In the videos, Mr. Beierle pontificated from a dimly lit bedroom, with an unmade bed and a pile of cardboard boxes in the background. He lamented his inability to connect with other people — from Army comrades who he said would not travel with him while stationed in Europe to women who refused to go out with him.

He identified with “involuntary celibates” and told personal stories of rejection, naming multiple girls who he said had wronged him.

“Made one date, didn’t show up,” he said of one woman. “Made another date, didn’t show up. Kept making excuses. Ah, I could’ve ripped her head off.”

Beierle’s Facebook profile indicates that he was a member of two political groups, FSU College Republicans and We Are Conservatives. His only publicly visible political post on the social media site was a picture of him standing next to a cardboard cutout of former president Ronald Reagan. He was not registered with any political party.

Again, it’s not clear if there is any evidence that directly links Beierle’s extremist views to his attack on the yoga studio, but when combined with the shooter’s history of sexual harassment — it seems likely they played some role.

Two weeks of right-wing violence

If the yoga studio attack in Tallahassee was motivated by the gunman’s far-right views, it would be the fourth instance of right-wing domestic terrorism to strike the U.S. in less than two weeks.

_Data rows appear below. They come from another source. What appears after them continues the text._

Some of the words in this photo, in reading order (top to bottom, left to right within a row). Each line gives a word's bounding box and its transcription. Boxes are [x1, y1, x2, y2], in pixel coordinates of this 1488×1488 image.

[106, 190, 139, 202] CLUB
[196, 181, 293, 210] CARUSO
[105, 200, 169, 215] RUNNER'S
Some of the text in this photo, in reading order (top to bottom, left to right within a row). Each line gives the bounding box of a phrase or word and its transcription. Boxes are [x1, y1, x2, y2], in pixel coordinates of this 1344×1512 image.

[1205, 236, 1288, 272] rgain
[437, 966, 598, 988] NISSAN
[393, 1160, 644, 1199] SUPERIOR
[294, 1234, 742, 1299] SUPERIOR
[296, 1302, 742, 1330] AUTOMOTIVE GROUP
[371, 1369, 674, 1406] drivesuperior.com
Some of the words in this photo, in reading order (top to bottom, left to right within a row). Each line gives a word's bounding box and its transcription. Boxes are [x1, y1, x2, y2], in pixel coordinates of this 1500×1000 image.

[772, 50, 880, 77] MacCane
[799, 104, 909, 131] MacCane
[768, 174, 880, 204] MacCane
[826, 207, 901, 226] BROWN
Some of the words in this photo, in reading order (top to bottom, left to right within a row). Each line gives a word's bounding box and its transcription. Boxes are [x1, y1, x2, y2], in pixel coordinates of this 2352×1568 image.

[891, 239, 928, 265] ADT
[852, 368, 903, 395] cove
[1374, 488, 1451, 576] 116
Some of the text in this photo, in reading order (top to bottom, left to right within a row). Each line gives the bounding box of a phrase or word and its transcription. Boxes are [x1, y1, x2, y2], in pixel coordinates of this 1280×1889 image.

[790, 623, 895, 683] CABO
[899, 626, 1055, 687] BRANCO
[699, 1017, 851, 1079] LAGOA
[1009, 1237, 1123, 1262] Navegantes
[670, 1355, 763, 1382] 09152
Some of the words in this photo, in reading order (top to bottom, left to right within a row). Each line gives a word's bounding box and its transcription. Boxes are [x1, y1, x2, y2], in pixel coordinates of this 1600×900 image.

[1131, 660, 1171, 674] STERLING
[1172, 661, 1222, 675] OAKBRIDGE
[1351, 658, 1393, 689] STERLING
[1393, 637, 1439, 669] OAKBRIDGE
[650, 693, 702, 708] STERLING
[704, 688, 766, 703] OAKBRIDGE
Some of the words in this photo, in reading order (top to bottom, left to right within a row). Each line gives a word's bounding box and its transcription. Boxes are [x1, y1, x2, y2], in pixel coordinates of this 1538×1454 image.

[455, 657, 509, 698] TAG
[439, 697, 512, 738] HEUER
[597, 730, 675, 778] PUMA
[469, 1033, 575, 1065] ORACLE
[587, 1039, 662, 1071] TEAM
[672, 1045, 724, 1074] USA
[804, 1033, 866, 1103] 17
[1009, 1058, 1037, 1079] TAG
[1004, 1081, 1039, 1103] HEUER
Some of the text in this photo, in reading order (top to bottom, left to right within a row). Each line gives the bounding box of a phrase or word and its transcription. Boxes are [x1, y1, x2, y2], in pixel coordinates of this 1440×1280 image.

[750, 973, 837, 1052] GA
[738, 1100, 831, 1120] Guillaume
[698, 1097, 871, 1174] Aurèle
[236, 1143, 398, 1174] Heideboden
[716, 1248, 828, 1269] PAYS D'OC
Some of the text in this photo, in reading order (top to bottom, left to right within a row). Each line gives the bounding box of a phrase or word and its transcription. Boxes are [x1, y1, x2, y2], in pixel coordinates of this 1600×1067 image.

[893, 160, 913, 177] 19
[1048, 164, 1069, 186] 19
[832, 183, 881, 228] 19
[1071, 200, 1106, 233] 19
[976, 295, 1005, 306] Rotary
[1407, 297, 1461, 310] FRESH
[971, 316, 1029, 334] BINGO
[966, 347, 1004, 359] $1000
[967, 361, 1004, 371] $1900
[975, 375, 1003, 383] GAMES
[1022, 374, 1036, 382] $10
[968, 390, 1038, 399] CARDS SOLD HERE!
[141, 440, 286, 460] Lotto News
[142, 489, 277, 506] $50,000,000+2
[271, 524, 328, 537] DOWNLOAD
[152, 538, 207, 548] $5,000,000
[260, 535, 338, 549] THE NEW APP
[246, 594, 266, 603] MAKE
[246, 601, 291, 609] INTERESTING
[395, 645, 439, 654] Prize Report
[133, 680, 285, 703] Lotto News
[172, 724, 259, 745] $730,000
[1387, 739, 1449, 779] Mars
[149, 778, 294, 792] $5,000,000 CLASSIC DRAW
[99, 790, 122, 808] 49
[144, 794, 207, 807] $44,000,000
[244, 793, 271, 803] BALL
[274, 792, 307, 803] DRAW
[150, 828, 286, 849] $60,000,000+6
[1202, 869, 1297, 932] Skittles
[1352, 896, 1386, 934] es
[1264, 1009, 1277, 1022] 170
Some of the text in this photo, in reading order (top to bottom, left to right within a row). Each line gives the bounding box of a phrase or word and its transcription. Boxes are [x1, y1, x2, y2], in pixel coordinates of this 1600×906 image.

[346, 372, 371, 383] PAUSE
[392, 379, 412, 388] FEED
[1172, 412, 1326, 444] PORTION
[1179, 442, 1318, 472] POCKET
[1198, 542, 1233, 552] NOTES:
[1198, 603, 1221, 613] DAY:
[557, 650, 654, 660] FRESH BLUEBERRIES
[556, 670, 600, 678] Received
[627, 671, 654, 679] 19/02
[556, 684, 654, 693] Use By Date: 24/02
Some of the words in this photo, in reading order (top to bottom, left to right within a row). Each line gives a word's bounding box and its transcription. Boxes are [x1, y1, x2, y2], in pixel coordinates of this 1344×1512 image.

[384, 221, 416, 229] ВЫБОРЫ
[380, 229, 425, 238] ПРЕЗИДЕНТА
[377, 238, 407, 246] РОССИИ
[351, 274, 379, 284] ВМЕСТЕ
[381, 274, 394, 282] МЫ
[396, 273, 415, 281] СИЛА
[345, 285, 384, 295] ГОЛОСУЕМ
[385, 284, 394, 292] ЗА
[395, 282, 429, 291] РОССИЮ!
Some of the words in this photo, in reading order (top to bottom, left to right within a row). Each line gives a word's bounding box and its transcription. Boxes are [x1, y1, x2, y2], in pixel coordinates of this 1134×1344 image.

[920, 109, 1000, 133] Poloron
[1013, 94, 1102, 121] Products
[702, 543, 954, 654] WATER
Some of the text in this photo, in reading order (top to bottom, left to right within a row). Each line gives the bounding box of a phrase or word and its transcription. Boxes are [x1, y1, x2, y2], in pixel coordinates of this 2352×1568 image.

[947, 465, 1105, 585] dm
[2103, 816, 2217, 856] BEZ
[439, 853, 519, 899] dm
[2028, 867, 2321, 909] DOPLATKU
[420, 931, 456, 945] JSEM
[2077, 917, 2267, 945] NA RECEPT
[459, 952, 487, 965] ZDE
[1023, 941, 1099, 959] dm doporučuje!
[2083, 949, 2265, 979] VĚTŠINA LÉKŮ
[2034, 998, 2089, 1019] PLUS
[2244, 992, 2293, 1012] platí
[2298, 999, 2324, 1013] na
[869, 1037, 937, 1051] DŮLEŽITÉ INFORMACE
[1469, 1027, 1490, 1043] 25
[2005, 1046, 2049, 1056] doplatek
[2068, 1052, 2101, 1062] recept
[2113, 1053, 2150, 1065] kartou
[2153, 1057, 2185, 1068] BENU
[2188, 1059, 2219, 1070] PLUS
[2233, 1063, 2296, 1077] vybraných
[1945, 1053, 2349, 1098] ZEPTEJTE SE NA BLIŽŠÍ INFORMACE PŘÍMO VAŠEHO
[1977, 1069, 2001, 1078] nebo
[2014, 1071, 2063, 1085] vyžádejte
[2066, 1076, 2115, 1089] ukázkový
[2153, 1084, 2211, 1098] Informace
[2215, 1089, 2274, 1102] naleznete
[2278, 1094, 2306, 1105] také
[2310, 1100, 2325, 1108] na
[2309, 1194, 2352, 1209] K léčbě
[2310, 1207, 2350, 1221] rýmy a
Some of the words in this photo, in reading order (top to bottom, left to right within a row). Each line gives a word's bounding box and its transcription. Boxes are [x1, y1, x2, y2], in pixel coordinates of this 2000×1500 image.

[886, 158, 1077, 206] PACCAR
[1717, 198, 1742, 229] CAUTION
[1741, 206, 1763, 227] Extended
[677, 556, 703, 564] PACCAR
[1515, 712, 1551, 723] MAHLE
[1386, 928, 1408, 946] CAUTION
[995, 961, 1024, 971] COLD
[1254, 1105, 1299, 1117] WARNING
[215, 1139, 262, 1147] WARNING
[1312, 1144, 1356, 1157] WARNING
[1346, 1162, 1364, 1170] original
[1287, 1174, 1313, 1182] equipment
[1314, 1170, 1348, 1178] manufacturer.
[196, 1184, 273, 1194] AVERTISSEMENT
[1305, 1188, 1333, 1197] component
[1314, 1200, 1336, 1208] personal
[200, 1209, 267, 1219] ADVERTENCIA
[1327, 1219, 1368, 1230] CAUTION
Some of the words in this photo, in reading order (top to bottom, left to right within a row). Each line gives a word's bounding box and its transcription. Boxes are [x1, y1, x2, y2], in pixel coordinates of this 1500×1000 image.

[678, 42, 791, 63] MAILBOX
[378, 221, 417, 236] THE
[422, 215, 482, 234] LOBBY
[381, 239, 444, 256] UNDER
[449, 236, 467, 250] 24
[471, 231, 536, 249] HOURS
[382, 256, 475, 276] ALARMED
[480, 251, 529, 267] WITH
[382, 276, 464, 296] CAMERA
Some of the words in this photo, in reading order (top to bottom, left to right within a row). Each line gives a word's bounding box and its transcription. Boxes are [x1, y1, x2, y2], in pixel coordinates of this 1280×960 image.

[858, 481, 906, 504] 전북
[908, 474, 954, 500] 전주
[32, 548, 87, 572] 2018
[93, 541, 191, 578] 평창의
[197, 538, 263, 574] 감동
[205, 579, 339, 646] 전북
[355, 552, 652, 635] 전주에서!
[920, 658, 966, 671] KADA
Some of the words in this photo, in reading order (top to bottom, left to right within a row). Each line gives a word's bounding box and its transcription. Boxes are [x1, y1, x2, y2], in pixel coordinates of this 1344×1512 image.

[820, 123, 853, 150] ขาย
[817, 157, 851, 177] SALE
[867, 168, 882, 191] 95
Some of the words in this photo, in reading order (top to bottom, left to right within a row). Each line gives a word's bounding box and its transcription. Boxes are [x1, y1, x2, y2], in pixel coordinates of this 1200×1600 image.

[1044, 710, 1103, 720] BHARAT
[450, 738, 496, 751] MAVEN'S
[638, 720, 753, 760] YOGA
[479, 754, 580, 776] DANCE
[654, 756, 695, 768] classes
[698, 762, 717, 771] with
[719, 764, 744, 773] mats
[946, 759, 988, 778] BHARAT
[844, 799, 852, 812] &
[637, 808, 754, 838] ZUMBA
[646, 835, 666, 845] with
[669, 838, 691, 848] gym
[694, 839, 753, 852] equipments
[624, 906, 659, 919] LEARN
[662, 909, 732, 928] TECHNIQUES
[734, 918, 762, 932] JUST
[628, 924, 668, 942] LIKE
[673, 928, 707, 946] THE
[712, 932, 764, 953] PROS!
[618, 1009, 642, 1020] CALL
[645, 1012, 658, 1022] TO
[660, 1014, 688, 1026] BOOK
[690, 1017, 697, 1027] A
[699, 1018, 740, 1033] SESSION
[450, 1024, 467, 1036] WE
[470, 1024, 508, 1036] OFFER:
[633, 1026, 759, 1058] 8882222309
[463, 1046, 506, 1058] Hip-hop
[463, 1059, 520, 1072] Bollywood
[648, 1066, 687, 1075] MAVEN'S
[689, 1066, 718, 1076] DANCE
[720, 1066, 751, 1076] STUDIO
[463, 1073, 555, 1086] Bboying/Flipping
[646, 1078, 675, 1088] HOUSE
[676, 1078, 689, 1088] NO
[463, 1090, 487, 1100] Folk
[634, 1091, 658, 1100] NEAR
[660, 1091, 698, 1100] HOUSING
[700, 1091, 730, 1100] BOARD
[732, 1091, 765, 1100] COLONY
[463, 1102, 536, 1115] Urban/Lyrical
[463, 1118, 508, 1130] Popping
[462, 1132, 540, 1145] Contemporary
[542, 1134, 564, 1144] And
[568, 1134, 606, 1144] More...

Two weeks ago, also in Florida, an obsessed Trump supporter allegedly mailed pipe bombs to Democratic leaders, members of the media, and others that Trump has identified as his enemies. None of the bombs exploded, and the suspected mail-bomber was identified and arrested within a week.

That same week, on October 25, a white man attempted to enter the locked door of a black church in Louisville, Kentucky, then shot and killed two black men at a nearby Kroger supermarket. That shooting is being prosecuted as a hate crime.

Two days later, on October 27, a neo-Nazi attacked the Tree of Life synagogue in Pittsburgh, killing 11 mostly elderly people in the worst anti-Semitic attack in American history. The attacker, who yelled about wanting to kill Jews during the assault, was not a Trump supporter, but was obsessed with the caravan of Central American migrants which Trump and others on the right have been cynically promoting ad nauseam ahead of the midterm elections.

This post has been updated to reflect new reporting on the shooting and shooter.